My church is Easter Lutheran Church (www.easter.org). We have well-established mission ("to grow in faith and carry on the work of Jesus Christ") and vision ("transforming hearts and lives for Christ") statements. Bravo - what's even more brilliant is that these statements are so ingrained in our culture that I would bet 80% of all confirmed members (more if you exclude the young confirmed members!) know both by heart. (Yes, I'm on staff, and no, I had nothing to do with it!)

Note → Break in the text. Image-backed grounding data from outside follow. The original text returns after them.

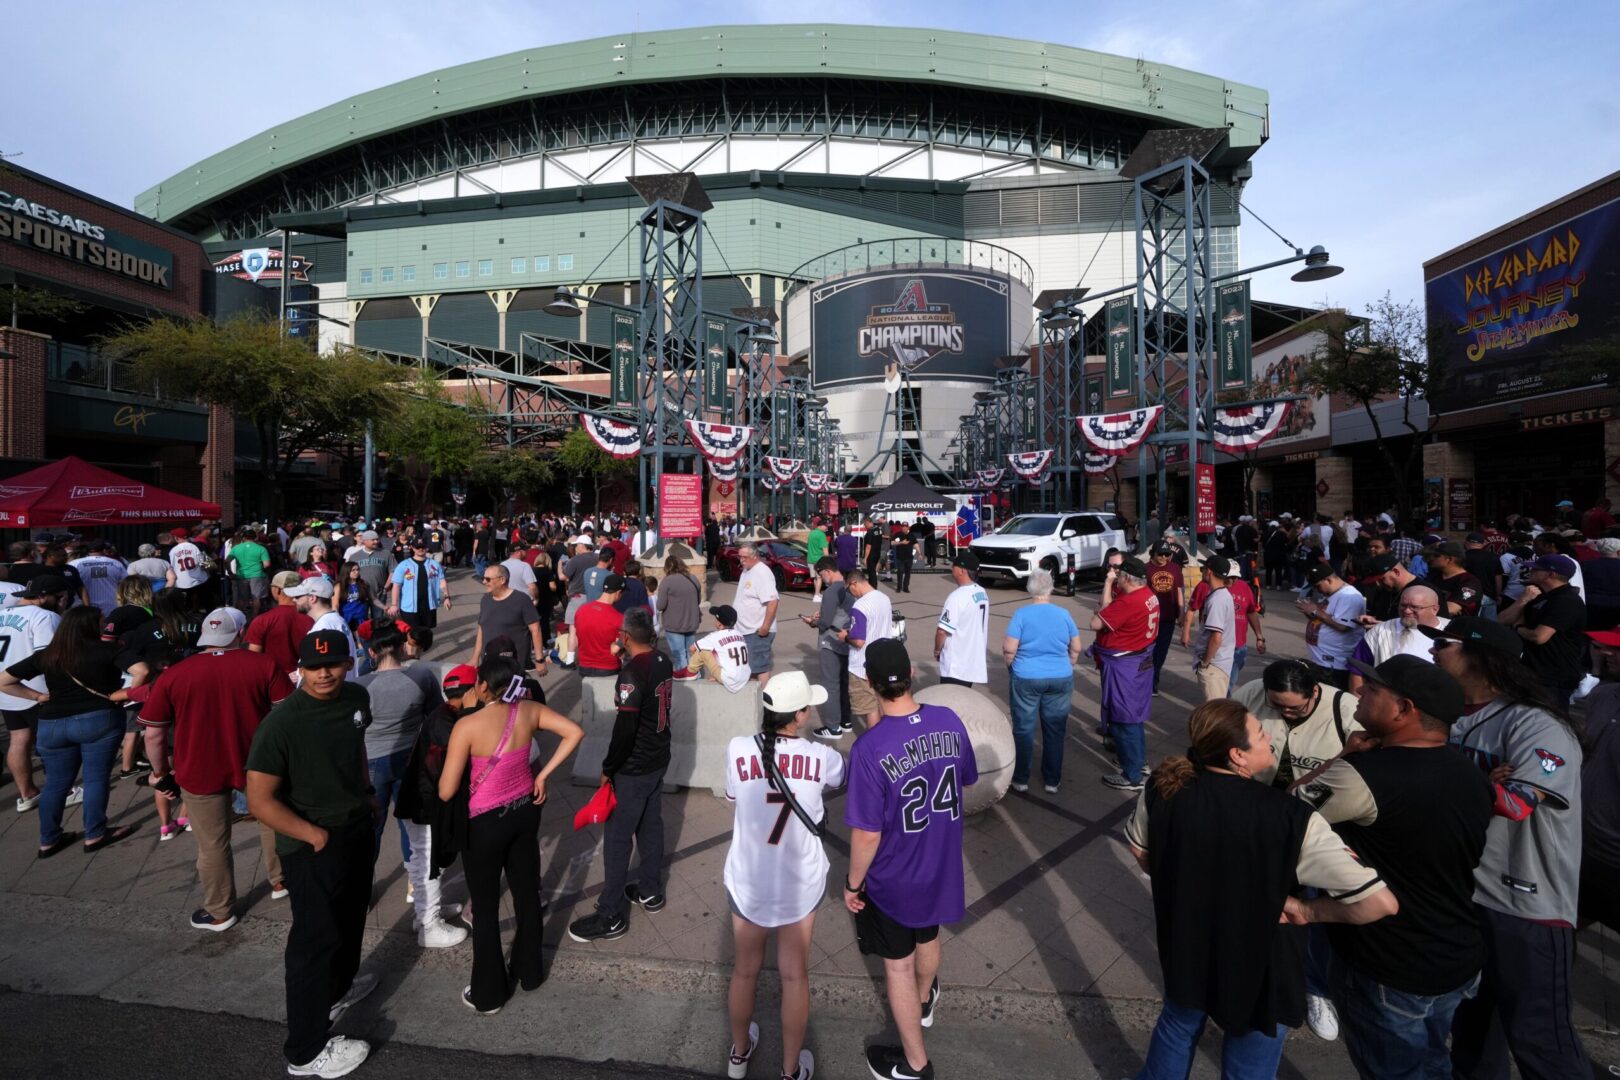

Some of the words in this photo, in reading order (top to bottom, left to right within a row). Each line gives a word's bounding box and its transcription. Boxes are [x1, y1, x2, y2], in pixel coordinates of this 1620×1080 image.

[0, 191, 105, 241] CAESARS
[0, 211, 168, 288] SPORTSBOOK
[215, 259, 240, 273] HASE
[1465, 265, 1492, 303] DEF
[1494, 228, 1581, 289] LEPPARD
[1222, 285, 1243, 295] 2023
[1457, 272, 1587, 334] JOURNEY
[870, 314, 915, 324] NATIONAL
[917, 314, 952, 322] LEAGUE
[859, 325, 963, 354] CHAMPIONS
[1226, 331, 1234, 371] CHAMPIONS
[1509, 376, 1533, 386] AUGUST
[1520, 405, 1612, 430] TICKETS
[1284, 452, 1319, 462] TICKETS
[76, 487, 141, 496] Budweiser
[0, 511, 10, 520] OU.
[121, 510, 139, 518] THIS
[168, 509, 185, 517] FOR
[177, 557, 195, 571] 10
[1145, 612, 1158, 639] 5
[728, 645, 748, 666] 40
[880, 731, 961, 783] McMAHON
[902, 765, 960, 833] 24
[766, 792, 796, 845] 7
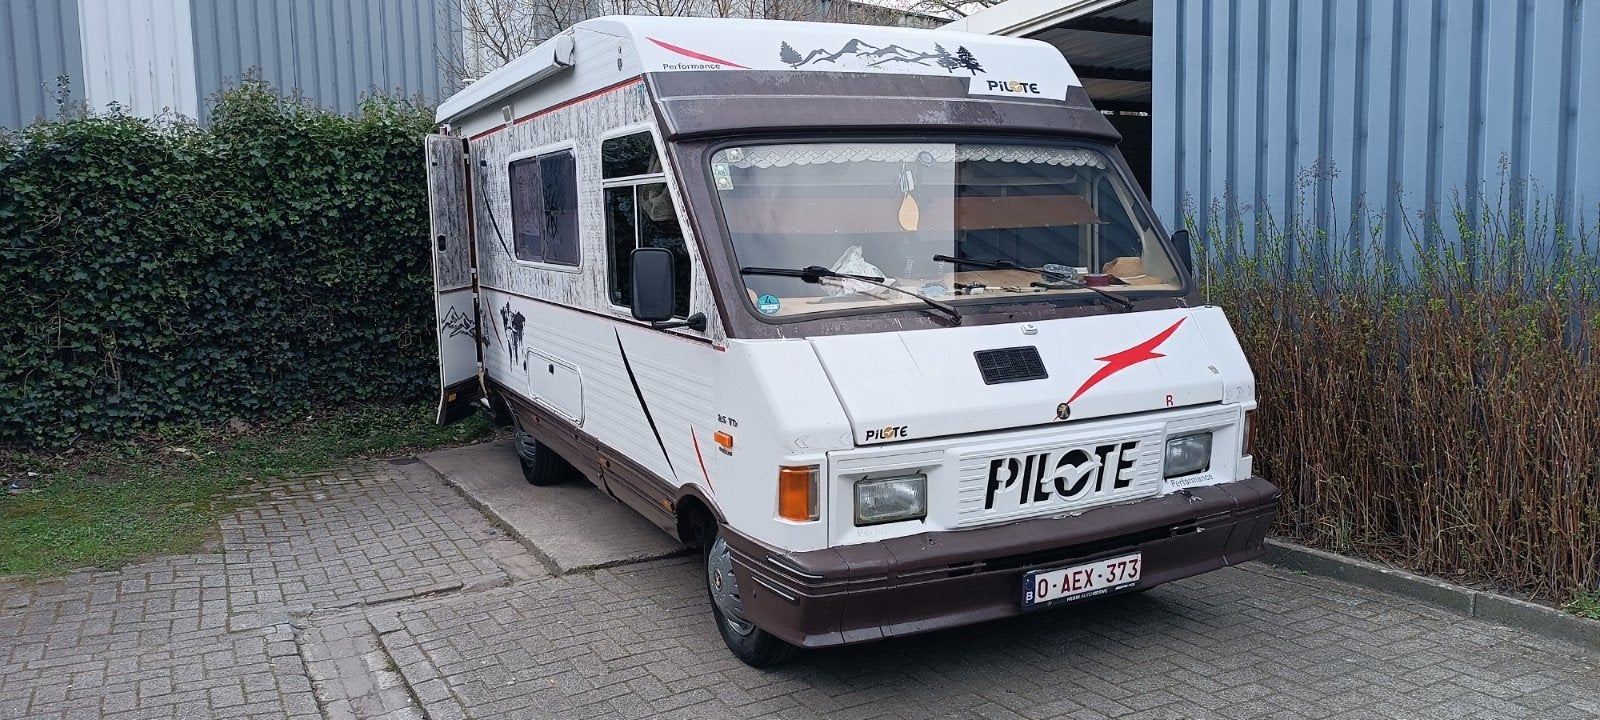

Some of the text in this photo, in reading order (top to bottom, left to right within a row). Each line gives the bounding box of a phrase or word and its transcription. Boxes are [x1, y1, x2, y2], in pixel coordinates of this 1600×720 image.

[662, 62, 721, 70] Performance
[1166, 394, 1174, 406] R
[984, 441, 1140, 511] PILOTE
[1170, 473, 1214, 487] Performance
[1025, 591, 1034, 601] B

For staff and congregation members alike, we know what we aim to do individually and collectively. We hold all we do up to those two phrases and decide what's appropriate. For prospective members, they get to consider what those phrases mean to them, and decide if we're a good fit for each other. Easter gets to do the same thing with prospective members too, of course. In the extreme, Easter would say, if you're not about GROWING in faith and SERVING the way Christ would serve, then you probably aren't going to be happy here. We do that here. And we expect that hearts and lives will be transformed because of it. Period. As a matter of fact, we say that we guarantee the vision - that transformation - if you are committed to the mission.
Simon Sinek, author of Start With Why, says that in marketing, if you start with the WHY of a product or service (as opposed to the what or how), you gather those around you who BELIEVE the same thing. Now, he's talking from a marketing perspective, but it's the same for vision/mission. Live by your vision and mission and you'll attract those who have the same belief systems you do, and isn't that what it's all about - whether you're an individual, church, or business? For a look at Sinek's material, you can watch the Ted Talk that features him.
If your organization doesn't have a vision/mission statement, why not? If it does, and you're not using it to examine everything you do as well as the people you have relationships with, why not? It could be that your organization (and maybe your life in it) will be transformed if you do!